--- Supplied data ---
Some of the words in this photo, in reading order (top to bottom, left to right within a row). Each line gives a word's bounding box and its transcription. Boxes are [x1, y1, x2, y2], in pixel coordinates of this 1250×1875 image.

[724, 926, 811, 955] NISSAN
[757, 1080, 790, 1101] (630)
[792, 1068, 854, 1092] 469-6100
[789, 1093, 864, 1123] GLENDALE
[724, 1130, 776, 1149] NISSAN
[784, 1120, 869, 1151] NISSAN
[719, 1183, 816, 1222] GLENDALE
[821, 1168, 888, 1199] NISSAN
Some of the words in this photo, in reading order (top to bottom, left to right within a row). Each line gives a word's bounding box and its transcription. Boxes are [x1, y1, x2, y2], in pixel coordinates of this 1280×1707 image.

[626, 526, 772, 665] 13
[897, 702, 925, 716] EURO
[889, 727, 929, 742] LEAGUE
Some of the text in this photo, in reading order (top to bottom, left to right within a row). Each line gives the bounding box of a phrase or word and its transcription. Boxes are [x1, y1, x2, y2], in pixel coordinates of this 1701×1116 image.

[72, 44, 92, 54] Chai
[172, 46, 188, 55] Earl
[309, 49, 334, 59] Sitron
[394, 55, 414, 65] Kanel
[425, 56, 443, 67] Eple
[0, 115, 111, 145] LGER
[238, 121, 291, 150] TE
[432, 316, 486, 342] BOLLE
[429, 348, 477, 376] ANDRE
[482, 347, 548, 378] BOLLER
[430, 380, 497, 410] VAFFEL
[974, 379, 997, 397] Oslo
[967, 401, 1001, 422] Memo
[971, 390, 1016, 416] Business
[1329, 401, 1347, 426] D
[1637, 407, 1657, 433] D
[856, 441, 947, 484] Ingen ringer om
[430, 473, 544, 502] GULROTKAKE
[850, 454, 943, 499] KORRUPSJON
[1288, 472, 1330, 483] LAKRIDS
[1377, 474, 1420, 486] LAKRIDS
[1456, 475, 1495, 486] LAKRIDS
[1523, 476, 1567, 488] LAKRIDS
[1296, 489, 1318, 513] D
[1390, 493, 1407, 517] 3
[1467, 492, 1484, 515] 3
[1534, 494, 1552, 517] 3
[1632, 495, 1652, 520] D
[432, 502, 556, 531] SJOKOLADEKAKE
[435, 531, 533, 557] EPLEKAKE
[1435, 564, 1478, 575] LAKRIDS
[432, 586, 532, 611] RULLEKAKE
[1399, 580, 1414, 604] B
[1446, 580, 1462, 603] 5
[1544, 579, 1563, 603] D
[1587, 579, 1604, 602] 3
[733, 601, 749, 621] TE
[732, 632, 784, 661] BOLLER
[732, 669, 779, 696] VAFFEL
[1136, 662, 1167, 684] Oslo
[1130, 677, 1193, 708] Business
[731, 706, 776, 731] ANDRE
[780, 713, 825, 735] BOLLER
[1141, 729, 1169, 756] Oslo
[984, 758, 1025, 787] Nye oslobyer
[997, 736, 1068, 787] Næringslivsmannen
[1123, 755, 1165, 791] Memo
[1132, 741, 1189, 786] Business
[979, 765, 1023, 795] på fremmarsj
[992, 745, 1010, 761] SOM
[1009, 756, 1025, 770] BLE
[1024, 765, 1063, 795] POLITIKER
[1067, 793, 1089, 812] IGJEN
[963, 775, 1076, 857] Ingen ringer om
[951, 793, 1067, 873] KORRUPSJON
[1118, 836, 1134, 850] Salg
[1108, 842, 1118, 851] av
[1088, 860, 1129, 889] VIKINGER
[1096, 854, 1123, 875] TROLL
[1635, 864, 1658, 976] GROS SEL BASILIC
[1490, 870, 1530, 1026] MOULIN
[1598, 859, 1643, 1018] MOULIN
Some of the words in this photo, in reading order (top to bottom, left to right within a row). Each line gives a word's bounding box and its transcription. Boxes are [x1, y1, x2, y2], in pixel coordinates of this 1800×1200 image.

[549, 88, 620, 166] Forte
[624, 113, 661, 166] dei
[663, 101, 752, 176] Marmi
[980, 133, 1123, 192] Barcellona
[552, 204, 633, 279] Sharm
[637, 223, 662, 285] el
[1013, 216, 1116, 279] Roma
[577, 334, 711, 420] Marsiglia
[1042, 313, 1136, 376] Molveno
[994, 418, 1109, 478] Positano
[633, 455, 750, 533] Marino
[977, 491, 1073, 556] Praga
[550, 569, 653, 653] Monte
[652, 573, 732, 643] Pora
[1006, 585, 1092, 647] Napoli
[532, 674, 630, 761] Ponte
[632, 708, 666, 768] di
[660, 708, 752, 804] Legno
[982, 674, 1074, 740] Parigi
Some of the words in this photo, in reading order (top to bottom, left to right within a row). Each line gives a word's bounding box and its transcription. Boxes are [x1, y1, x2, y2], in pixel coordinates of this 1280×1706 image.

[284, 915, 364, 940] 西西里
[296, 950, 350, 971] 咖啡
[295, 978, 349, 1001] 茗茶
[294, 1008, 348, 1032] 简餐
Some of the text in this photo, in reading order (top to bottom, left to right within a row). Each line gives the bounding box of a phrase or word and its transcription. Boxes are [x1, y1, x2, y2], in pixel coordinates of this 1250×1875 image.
---
**Exercise requirements**. Reproduce every record word for word.

**Answer section**.
Some of the words in this photo, in reading order (top to bottom, left to right within a row). Each line gives a word's bounding box and its transcription. Boxes are [x1, y1, x2, y2], in pixel coordinates of this 1250×1875 image.

[724, 926, 811, 955] NISSAN
[757, 1080, 790, 1101] (630)
[792, 1068, 854, 1092] 469-6100
[789, 1093, 864, 1123] GLENDALE
[724, 1130, 776, 1149] NISSAN
[784, 1120, 869, 1151] NISSAN
[719, 1183, 816, 1222] GLENDALE
[821, 1168, 888, 1199] NISSAN
Some of the words in this photo, in reading order (top to bottom, left to right within a row). Each line gives a word's bounding box and its transcription. Boxes are [x1, y1, x2, y2], in pixel coordinates of this 1280×1707 image.

[626, 526, 772, 665] 13
[897, 702, 925, 716] EURO
[889, 727, 929, 742] LEAGUE
Some of the text in this photo, in reading order (top to bottom, left to right within a row). Each line gives the bounding box of a phrase or word and its transcription. Boxes are [x1, y1, x2, y2], in pixel coordinates of this 1701×1116 image.

[72, 44, 92, 54] Chai
[172, 46, 188, 55] Earl
[309, 49, 334, 59] Sitron
[394, 55, 414, 65] Kanel
[425, 56, 443, 67] Eple
[0, 115, 111, 145] LGER
[238, 121, 291, 150] TE
[432, 316, 486, 342] BOLLE
[429, 348, 477, 376] ANDRE
[482, 347, 548, 378] BOLLER
[430, 380, 497, 410] VAFFEL
[974, 379, 997, 397] Oslo
[967, 401, 1001, 422] Memo
[971, 390, 1016, 416] Business
[1329, 401, 1347, 426] D
[1637, 407, 1657, 433] D
[856, 441, 947, 484] Ingen ringer om
[430, 473, 544, 502] GULROTKAKE
[850, 454, 943, 499] KORRUPSJON
[1288, 472, 1330, 483] LAKRIDS
[1377, 474, 1420, 486] LAKRIDS
[1456, 475, 1495, 486] LAKRIDS
[1523, 476, 1567, 488] LAKRIDS
[1296, 489, 1318, 513] D
[1390, 493, 1407, 517] 3
[1467, 492, 1484, 515] 3
[1534, 494, 1552, 517] 3
[1632, 495, 1652, 520] D
[432, 502, 556, 531] SJOKOLADEKAKE
[435, 531, 533, 557] EPLEKAKE
[1435, 564, 1478, 575] LAKRIDS
[432, 586, 532, 611] RULLEKAKE
[1399, 580, 1414, 604] B
[1446, 580, 1462, 603] 5
[1544, 579, 1563, 603] D
[1587, 579, 1604, 602] 3
[733, 601, 749, 621] TE
[732, 632, 784, 661] BOLLER
[732, 669, 779, 696] VAFFEL
[1136, 662, 1167, 684] Oslo
[1130, 677, 1193, 708] Business
[731, 706, 776, 731] ANDRE
[780, 713, 825, 735] BOLLER
[1141, 729, 1169, 756] Oslo
[984, 758, 1025, 787] Nye oslobyer
[997, 736, 1068, 787] Næringslivsmannen
[1123, 755, 1165, 791] Memo
[1132, 741, 1189, 786] Business
[979, 765, 1023, 795] på fremmarsj
[992, 745, 1010, 761] SOM
[1009, 756, 1025, 770] BLE
[1024, 765, 1063, 795] POLITIKER
[1067, 793, 1089, 812] IGJEN
[963, 775, 1076, 857] Ingen ringer om
[951, 793, 1067, 873] KORRUPSJON
[1118, 836, 1134, 850] Salg
[1108, 842, 1118, 851] av
[1088, 860, 1129, 889] VIKINGER
[1096, 854, 1123, 875] TROLL
[1635, 864, 1658, 976] GROS SEL BASILIC
[1490, 870, 1530, 1026] MOULIN
[1598, 859, 1643, 1018] MOULIN
Some of the words in this photo, in reading order (top to bottom, left to right within a row). Each line gives a word's bounding box and its transcription. Boxes are [x1, y1, x2, y2], in pixel coordinates of this 1800×1200 image.

[549, 88, 620, 166] Forte
[624, 113, 661, 166] dei
[663, 101, 752, 176] Marmi
[980, 133, 1123, 192] Barcellona
[552, 204, 633, 279] Sharm
[637, 223, 662, 285] el
[1013, 216, 1116, 279] Roma
[577, 334, 711, 420] Marsiglia
[1042, 313, 1136, 376] Molveno
[994, 418, 1109, 478] Positano
[633, 455, 750, 533] Marino
[977, 491, 1073, 556] Praga
[550, 569, 653, 653] Monte
[652, 573, 732, 643] Pora
[1006, 585, 1092, 647] Napoli
[532, 674, 630, 761] Ponte
[632, 708, 666, 768] di
[660, 708, 752, 804] Legno
[982, 674, 1074, 740] Parigi
Some of the words in this photo, in reading order (top to bottom, left to right within a row). Each line gives a word's bounding box and its transcription. Boxes are [x1, y1, x2, y2], in pixel coordinates of this 1280×1706 image.

[284, 915, 364, 940] 西西里
[296, 950, 350, 971] 咖啡
[295, 978, 349, 1001] 茗茶
[294, 1008, 348, 1032] 简餐
Some of the text in this photo, in reading order (top to bottom, left to right within a row). Each line gives the bounding box of a phrase or word and its transcription. Boxes are [x1, y1, x2, y2], in pixel coordinates of this 1250×1875 image.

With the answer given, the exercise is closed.